# Problem:
Please return the data word for word and leave out any picture it contains.

# Provided information:
━━━━━━

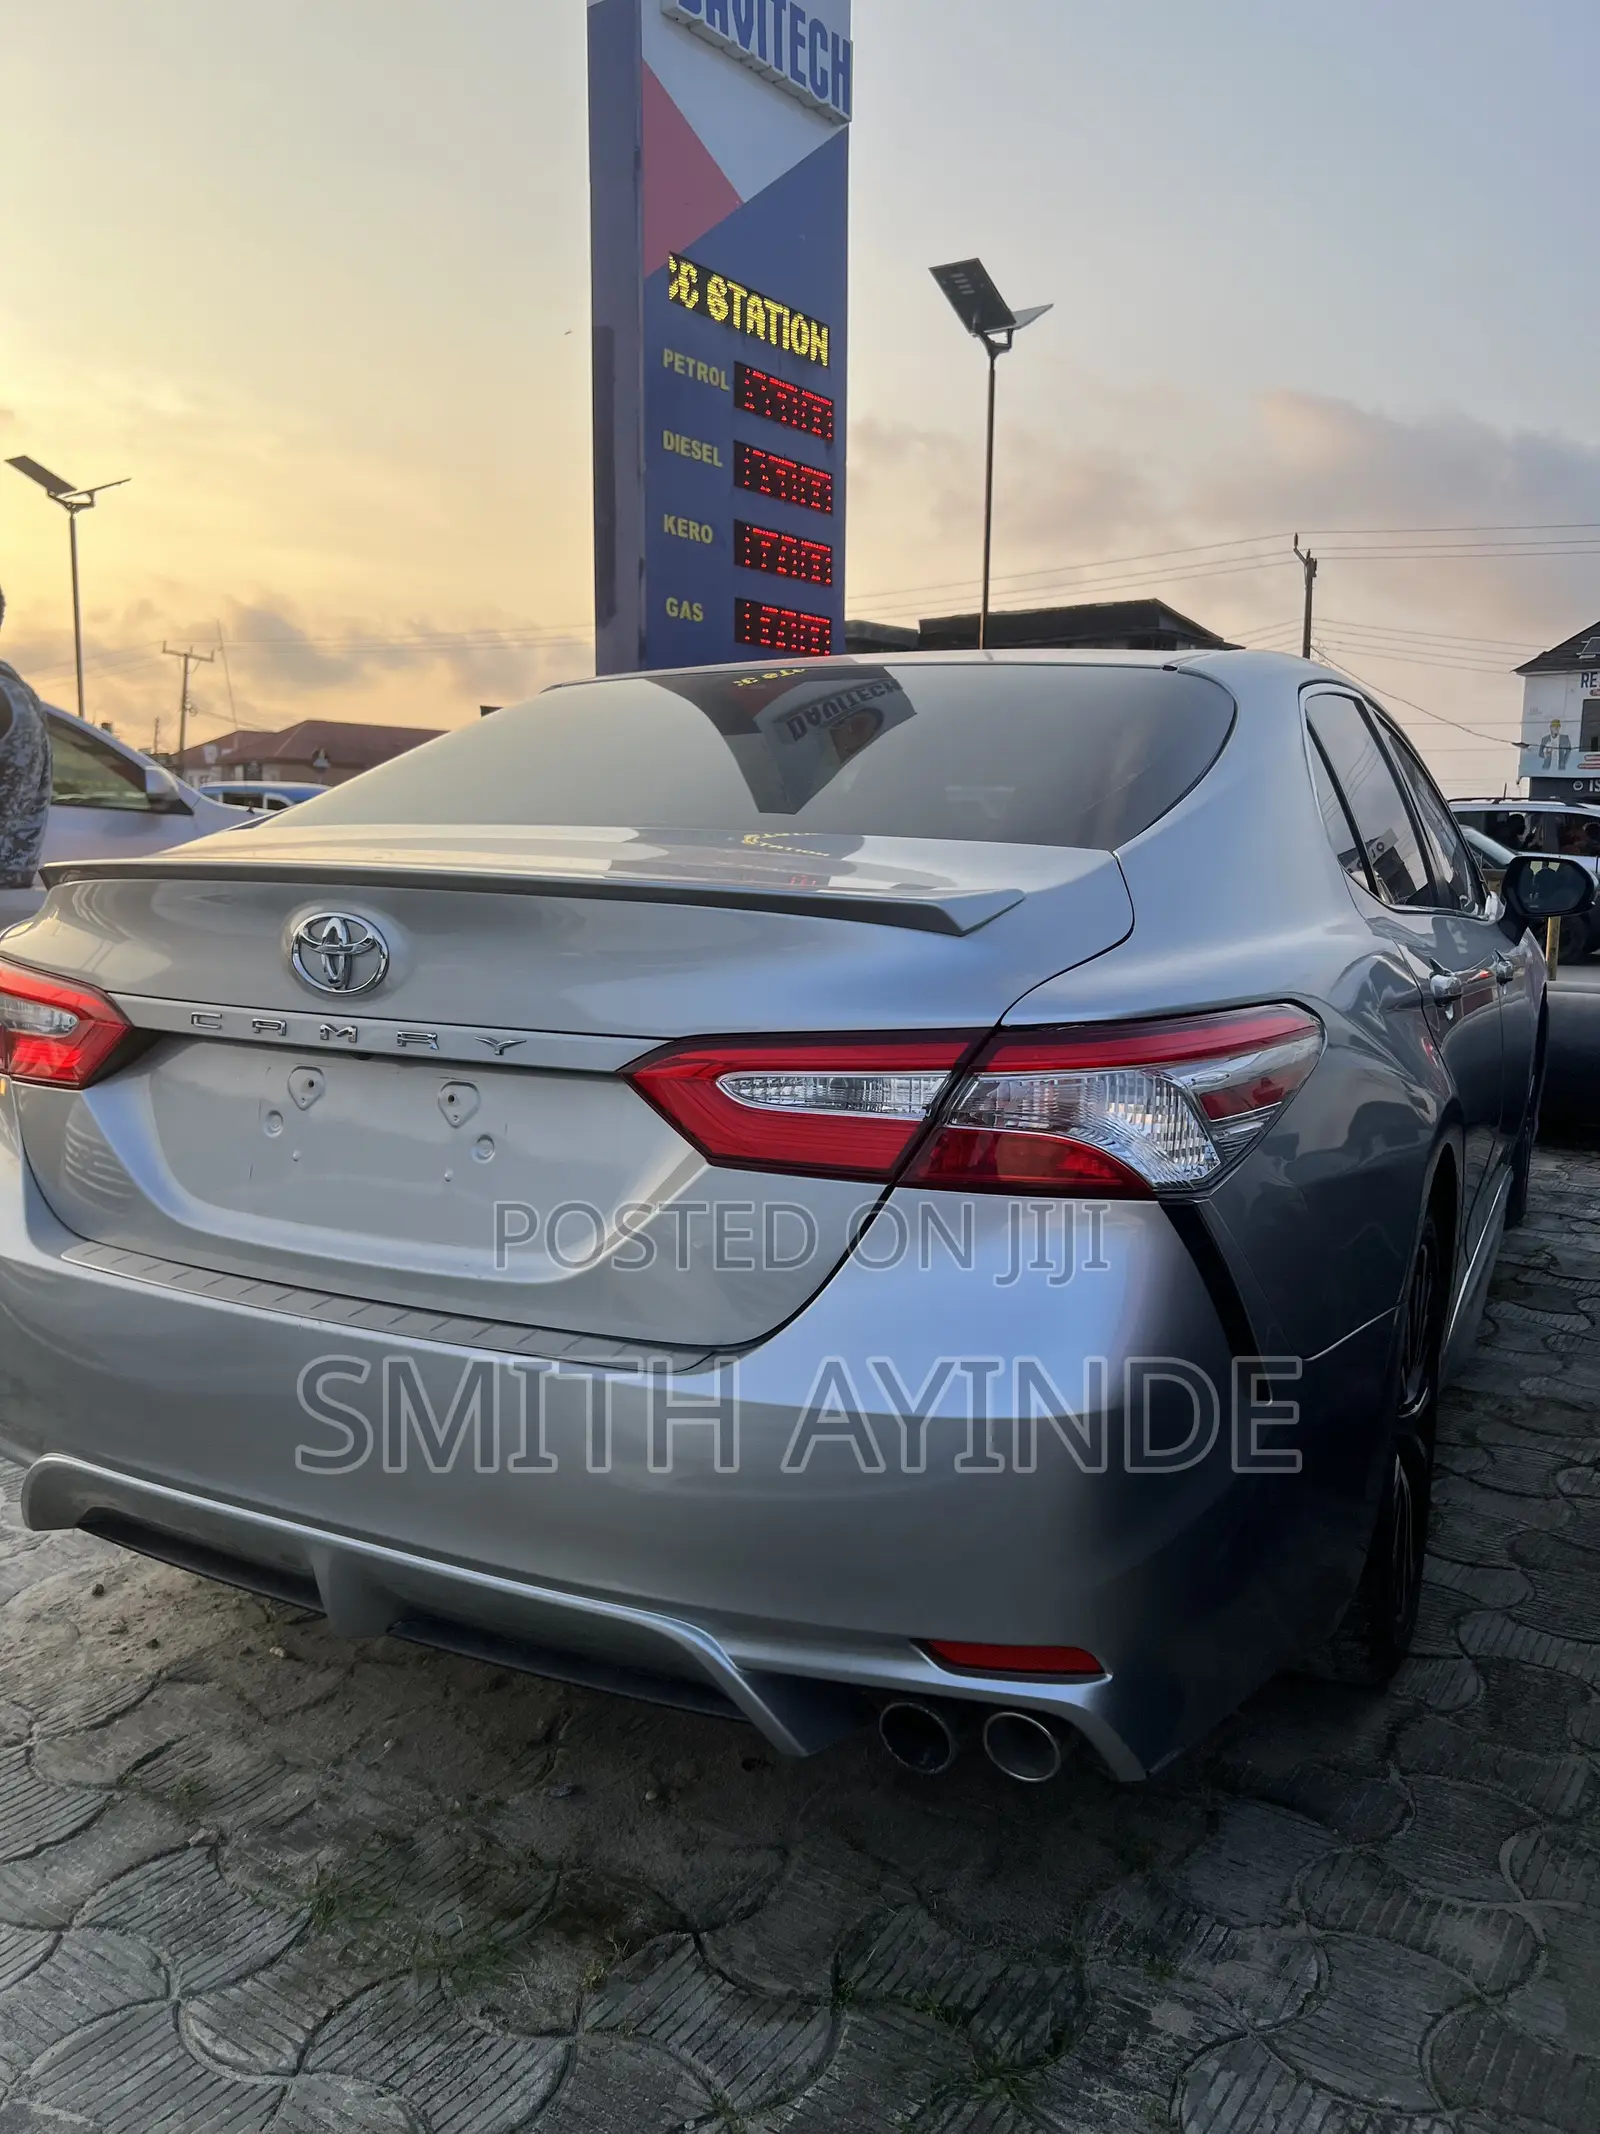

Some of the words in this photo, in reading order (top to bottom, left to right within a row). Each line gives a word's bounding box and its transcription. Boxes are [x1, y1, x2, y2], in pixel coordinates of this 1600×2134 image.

[678, 0, 850, 116] VITECH
[707, 274, 828, 366] STATION
[663, 348, 730, 391] PETROL
[663, 430, 724, 467] DIESEL
[664, 514, 713, 544] KERO
[666, 597, 704, 622] GAS
[190, 1012, 527, 1055] CAMRY

━━━━━━

# Problem solution:
Some of the words in this photo, in reading order (top to bottom, left to right within a row). Each line gives a word's bounding box and its transcription. Boxes are [x1, y1, x2, y2], in pixel coordinates of this 1600×2134 image.

[678, 0, 850, 116] VITECH
[707, 274, 828, 366] STATION
[663, 348, 730, 391] PETROL
[663, 430, 724, 467] DIESEL
[664, 514, 713, 544] KERO
[666, 597, 704, 622] GAS
[190, 1012, 527, 1055] CAMRY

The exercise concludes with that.